## Task to complete
In the answer, each entry below appears exactly as given, and no picture appears at all.

## Excerpted records
····················

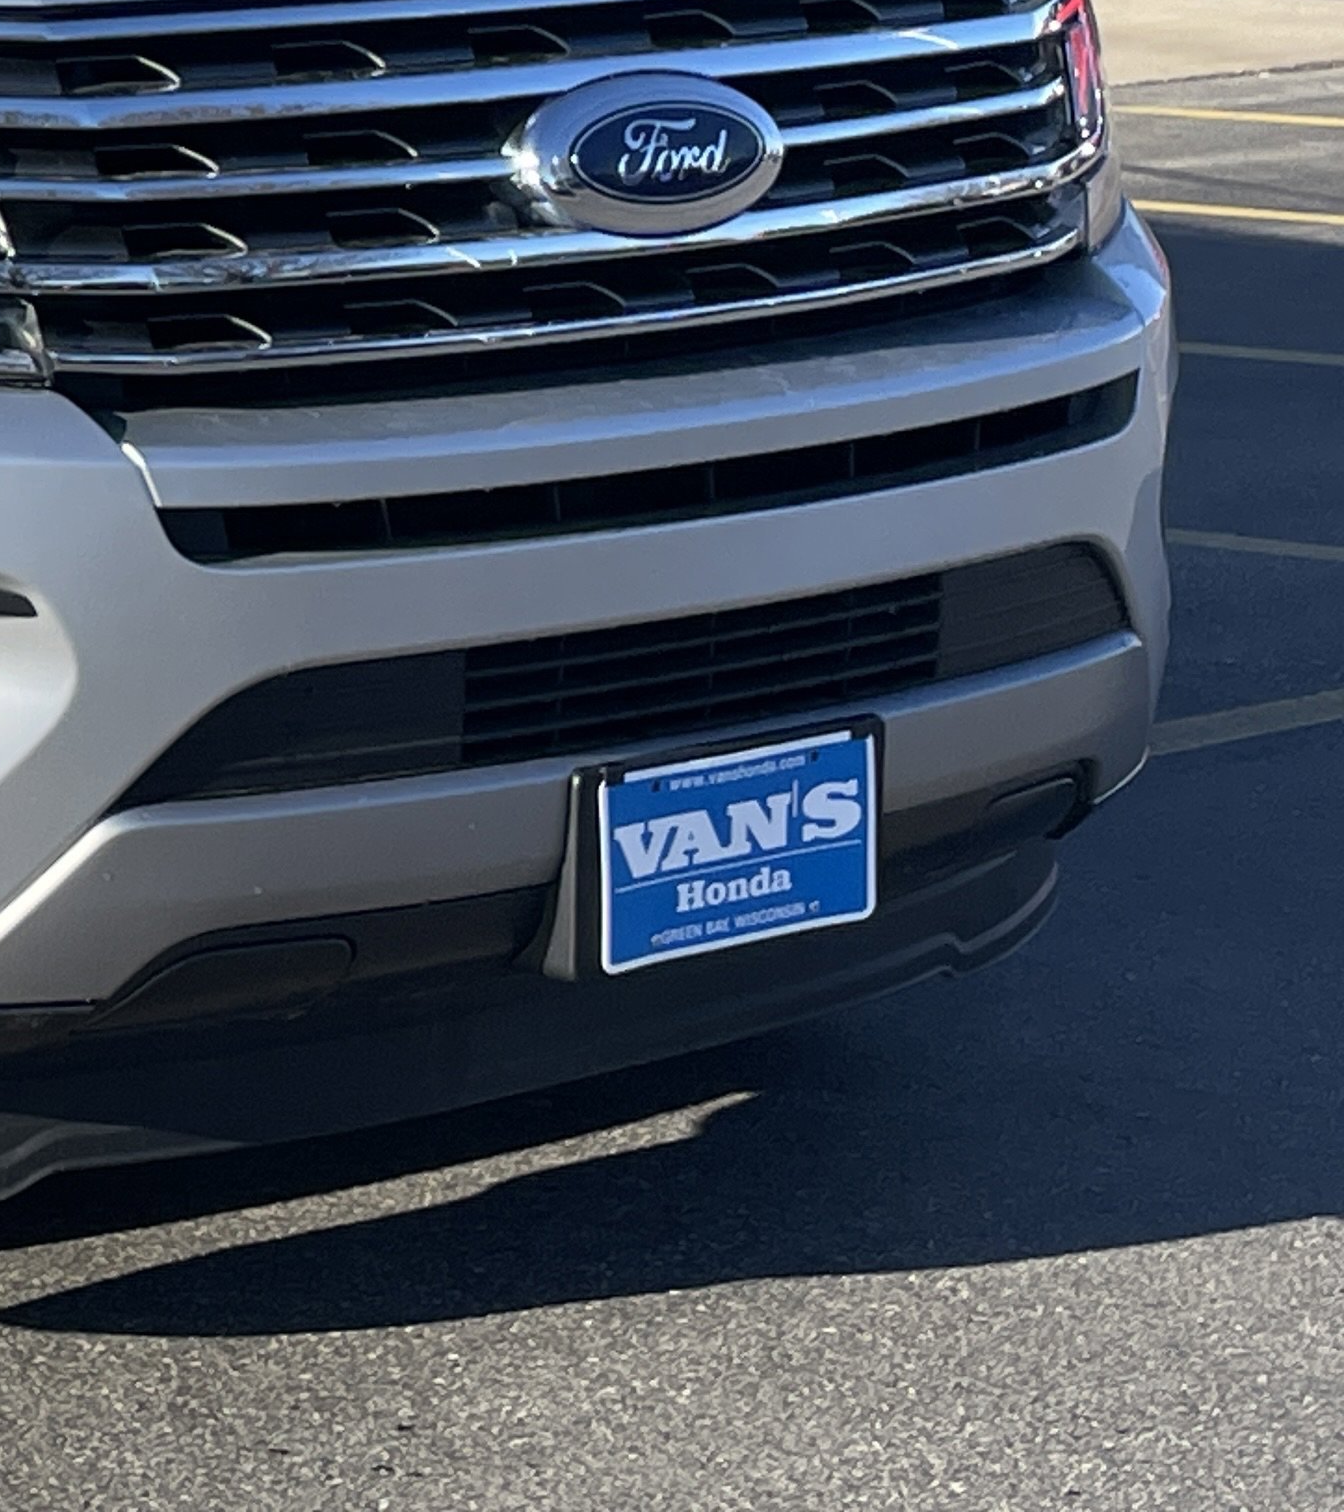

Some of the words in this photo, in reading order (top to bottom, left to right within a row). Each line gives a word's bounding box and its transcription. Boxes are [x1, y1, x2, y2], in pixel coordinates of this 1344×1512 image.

[618, 118, 730, 186] Ford
[613, 778, 863, 879] VAN'S
[676, 866, 792, 913] Honda
[734, 900, 806, 927] WISCONSIN

····················

## Reply to the task
Some of the words in this photo, in reading order (top to bottom, left to right within a row). Each line gives a word's bounding box and its transcription. Boxes are [x1, y1, x2, y2], in pixel coordinates of this 1344×1512 image.

[618, 118, 730, 186] Ford
[613, 778, 863, 879] VAN'S
[676, 866, 792, 913] Honda
[734, 900, 806, 927] WISCONSIN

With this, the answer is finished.